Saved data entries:
▼

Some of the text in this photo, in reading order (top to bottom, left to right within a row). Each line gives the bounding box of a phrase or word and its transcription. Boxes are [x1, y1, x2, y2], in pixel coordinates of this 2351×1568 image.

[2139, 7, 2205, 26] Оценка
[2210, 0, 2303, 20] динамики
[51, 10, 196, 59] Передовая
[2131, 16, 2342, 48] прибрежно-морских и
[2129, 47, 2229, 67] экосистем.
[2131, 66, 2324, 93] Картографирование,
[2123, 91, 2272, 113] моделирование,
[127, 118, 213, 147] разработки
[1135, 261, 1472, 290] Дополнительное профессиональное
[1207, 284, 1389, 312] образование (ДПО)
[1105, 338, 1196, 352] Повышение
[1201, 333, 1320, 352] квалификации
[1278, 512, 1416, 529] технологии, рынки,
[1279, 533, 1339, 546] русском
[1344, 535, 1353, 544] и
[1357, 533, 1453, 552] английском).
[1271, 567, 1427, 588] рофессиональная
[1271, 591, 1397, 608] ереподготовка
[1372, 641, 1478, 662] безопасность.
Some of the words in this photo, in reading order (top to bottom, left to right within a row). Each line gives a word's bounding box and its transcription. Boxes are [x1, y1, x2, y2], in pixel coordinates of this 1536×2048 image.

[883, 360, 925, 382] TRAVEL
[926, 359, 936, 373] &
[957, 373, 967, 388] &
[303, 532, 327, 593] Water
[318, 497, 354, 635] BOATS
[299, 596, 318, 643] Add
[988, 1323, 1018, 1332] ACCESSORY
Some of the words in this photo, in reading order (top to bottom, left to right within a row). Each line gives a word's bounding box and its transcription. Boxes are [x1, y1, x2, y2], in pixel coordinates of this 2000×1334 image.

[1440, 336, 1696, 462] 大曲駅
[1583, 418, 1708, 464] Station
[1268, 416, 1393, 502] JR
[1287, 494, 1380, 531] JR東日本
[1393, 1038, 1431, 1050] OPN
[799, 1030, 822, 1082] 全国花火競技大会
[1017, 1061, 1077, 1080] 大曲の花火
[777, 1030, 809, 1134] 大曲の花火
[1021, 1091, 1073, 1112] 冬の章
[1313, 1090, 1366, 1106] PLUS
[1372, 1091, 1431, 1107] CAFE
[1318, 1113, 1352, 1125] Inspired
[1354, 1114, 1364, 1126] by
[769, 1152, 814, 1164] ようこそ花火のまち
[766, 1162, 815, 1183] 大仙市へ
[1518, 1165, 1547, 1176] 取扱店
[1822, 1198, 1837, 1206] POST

▲

■ **What the task requires**
Every record must be transcribed exactly as written.

■ **Result**
Some of the text in this photo, in reading order (top to bottom, left to right within a row). Each line gives the bounding box of a phrase or word and its transcription. Boxes are [x1, y1, x2, y2], in pixel coordinates of this 2351×1568 image.

[2139, 7, 2205, 26] Оценка
[2210, 0, 2303, 20] динамики
[51, 10, 196, 59] Передовая
[2131, 16, 2342, 48] прибрежно-морских и
[2129, 47, 2229, 67] экосистем.
[2131, 66, 2324, 93] Картографирование,
[2123, 91, 2272, 113] моделирование,
[127, 118, 213, 147] разработки
[1135, 261, 1472, 290] Дополнительное профессиональное
[1207, 284, 1389, 312] образование (ДПО)
[1105, 338, 1196, 352] Повышение
[1201, 333, 1320, 352] квалификации
[1278, 512, 1416, 529] технологии, рынки,
[1279, 533, 1339, 546] русском
[1344, 535, 1353, 544] и
[1357, 533, 1453, 552] английском).
[1271, 567, 1427, 588] рофессиональная
[1271, 591, 1397, 608] ереподготовка
[1372, 641, 1478, 662] безопасность.
Some of the words in this photo, in reading order (top to bottom, left to right within a row). Each line gives a word's bounding box and its transcription. Boxes are [x1, y1, x2, y2], in pixel coordinates of this 1536×2048 image.

[883, 360, 925, 382] TRAVEL
[926, 359, 936, 373] &
[957, 373, 967, 388] &
[303, 532, 327, 593] Water
[318, 497, 354, 635] BOATS
[299, 596, 318, 643] Add
[988, 1323, 1018, 1332] ACCESSORY
Some of the words in this photo, in reading order (top to bottom, left to right within a row). Each line gives a word's bounding box and its transcription. Boxes are [x1, y1, x2, y2], in pixel coordinates of this 2000×1334 image.

[1440, 336, 1696, 462] 大曲駅
[1583, 418, 1708, 464] Station
[1268, 416, 1393, 502] JR
[1287, 494, 1380, 531] JR東日本
[1393, 1038, 1431, 1050] OPN
[799, 1030, 822, 1082] 全国花火競技大会
[1017, 1061, 1077, 1080] 大曲の花火
[777, 1030, 809, 1134] 大曲の花火
[1021, 1091, 1073, 1112] 冬の章
[1313, 1090, 1366, 1106] PLUS
[1372, 1091, 1431, 1107] CAFE
[1318, 1113, 1352, 1125] Inspired
[1354, 1114, 1364, 1126] by
[769, 1152, 814, 1164] ようこそ花火のまち
[766, 1162, 815, 1183] 大仙市へ
[1518, 1165, 1547, 1176] 取扱店
[1822, 1198, 1837, 1206] POST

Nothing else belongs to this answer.